Who’s Happy About Abu Dhabi’s “Island of Happiness”? It’s Not the Construction Workers

August 18, 2014

In this episode of Forms of Life, Creative Time’s chief curator, Nato Thompson, speaks with artist Naeem Mohaiemen, NYU professor of social and cultural analysis Andrew Ross and Laura Diamond Dixit of the group Who Builds Your Architecture? about the harsh conditions faced by workers building branches of the Guggenheim, the Louvre and NYU in Abu Dhabi.

Photo by Hans Haacke, courtesy of Gulf Labor.

Photo by Hans Haacke, courtesy of Gulf Labor.

Just off the coast of Abu Dhabi, a glimmering enclave of cultural institutions, luxury hotels and beach villas is being erected on Saadiyat Island. New York University (NYU) has inaugurated a new main campus for NYU Abu Dhabi on the “island of happiness” (Saadiyat means “happiness” in Arabic), where it will soon be joined by branches of the Louvre, the Guggenheim and the British Museum.

The Abu Dhabi branches of these premier institutions for art and education have been built by migrant workers laboring and living in less estimable conditions. Contract workers arriving from Bangladesh, Pakistan, India, Sri Lanka and Nepal to build the new structures on Saadiyat are saddled by debt incurred through the exorbitant recruitment fees required under Abu Dhabi’s sponsorship system. Working 11-hour shifts six or seven days a week, they are allegedly paid wages lower than those promised by recruiters, housed in crowded and unsafe rooms and sometimes even stripped of their passports. As the New York Times reported last month in a front-page investigation of conditions for workers building NYU Abu Dhabi, strikes have been met with police repression, imprisonment and deportation.

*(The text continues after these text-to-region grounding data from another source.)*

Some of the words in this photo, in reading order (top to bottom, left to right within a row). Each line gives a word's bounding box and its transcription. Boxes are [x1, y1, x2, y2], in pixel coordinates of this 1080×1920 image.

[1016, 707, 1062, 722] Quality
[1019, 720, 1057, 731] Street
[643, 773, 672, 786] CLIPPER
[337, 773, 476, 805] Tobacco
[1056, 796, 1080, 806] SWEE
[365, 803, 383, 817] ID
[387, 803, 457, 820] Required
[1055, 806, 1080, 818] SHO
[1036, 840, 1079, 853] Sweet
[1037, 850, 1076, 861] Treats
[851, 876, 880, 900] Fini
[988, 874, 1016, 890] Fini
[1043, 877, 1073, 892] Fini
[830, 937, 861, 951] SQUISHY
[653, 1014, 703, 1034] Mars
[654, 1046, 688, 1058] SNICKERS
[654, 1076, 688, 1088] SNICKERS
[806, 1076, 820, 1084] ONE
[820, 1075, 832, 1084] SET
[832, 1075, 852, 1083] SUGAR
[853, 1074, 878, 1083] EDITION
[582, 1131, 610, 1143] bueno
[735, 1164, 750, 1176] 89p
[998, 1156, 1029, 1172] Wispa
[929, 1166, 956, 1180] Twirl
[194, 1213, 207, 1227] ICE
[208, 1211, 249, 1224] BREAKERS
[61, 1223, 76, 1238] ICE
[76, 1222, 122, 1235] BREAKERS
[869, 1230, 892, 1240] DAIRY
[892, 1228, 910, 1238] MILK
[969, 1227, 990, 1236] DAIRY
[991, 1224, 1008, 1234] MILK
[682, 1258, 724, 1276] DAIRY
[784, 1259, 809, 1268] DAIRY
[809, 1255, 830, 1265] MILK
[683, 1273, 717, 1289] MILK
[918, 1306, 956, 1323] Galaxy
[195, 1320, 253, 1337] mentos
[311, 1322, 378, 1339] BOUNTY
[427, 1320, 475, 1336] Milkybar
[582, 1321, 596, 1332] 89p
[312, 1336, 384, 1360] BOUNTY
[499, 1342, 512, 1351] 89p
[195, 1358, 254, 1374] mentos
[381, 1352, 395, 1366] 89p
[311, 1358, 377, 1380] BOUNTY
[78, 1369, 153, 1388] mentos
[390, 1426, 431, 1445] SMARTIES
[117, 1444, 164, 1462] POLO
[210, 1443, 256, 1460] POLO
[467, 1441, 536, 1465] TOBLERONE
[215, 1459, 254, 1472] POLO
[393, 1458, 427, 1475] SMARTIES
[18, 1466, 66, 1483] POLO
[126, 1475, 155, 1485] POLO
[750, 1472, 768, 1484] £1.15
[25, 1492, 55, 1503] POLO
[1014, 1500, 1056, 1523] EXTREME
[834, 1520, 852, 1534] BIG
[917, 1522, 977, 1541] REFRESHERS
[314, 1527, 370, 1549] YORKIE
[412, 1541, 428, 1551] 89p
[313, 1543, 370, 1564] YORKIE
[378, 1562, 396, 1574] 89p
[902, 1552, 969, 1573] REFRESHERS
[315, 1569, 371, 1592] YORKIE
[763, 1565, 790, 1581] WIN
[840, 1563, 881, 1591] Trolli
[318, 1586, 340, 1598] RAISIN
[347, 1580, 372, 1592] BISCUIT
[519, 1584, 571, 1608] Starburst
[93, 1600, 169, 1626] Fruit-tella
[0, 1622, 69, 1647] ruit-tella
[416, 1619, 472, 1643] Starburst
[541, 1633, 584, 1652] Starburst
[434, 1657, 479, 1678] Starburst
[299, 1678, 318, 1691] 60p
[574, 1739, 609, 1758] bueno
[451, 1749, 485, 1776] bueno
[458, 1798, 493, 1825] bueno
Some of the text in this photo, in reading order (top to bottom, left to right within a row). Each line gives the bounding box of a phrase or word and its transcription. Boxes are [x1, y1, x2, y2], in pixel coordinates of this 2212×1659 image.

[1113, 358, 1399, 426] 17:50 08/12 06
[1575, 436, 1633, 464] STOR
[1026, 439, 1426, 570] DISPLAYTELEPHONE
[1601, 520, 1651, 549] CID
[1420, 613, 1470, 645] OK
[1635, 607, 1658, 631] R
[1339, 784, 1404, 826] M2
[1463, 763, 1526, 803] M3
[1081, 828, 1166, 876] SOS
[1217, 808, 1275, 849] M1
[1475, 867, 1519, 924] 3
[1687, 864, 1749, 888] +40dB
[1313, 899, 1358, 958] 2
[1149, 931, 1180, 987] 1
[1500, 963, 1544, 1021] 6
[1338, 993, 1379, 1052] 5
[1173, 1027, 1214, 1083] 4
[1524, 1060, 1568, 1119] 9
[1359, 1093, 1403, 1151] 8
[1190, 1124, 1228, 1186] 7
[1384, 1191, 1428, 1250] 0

Gulf Labor—a coalition of artists, activists and writers—has since 2010 demanded that the Guggenheim ensure fair labor practices for migrant workers building its Abu Dhabi branch, and it has partnered with academics pressing NYU to improve conditions for the construction workers hired to build NYU Abu Dhabi. In 2011 hundreds of artists—including Hans Haacke, Alfredo Jaar, Emily Jacir, Barbara Kruger, Shirin Neshat and Walid Raad—joined a boycott of the Guggenheim, preventing its Abu Dhabi branch from acquiring their work for its collection. Gulf Labor has been in regular conversation with the Guggenheim as well as with Human Rights Watch, which issued a stinging report on conditions for workers on Saadiyat in 2009, and members of the group have traveled to Saadiyat to investigate workers’ conditions (producing its own report in March 2014). In recent months, an offshoot of Gulf Labor, G.U.L.F. (Gulf Ultra Luxury Faction), has initiated a string of creative protests within the Guggenheim in New York, dropping “1%” bills into its rotunda and projecting phrases like “Art Is Not a Luxury” onto the building’s facade using Occupy Wall Street’s Illuminator.

In this episode of Forms of Life, host Nato Thompson speaks with the writer and artist Naeem Mohaiemen; Andrew Ross, NYU professor of social and cultural analysis; and Laura Diamond Dixit of the Gulf Labor–affiliated group Who Builds Your Architecture?


Documentation of Naeem Mohaeimen’s 2012 presentation at the Cooper Union for the Advancement of Science and Art for “A riot is the language of the unheard,” an evening of performances by Doug Ashford, A.K. Burns, Mary Walling Blackburn + Che Chen, Thom Donovan, Corrine Fitzpatrick, Naeem Mohaiemen, Gregory Sholette, Marina Sitrin, David Levi Strauss and Krzysztof Wodiczko. Curated by Steven Lam.

Forms of Life is a monthly podcast hosted by Creative Time’s chief curator, Nato Thompson. Guests are culture makers whose work posits new ways of looking at political realities. By addressing a wide variety of issues—such as alternative economies, calcified political structures and new forms of collective living—or simply by being a thorn in the side of normality, Forms of Life interviews provide an opportunity to think counterintuitively about social conditions faced by people around the world.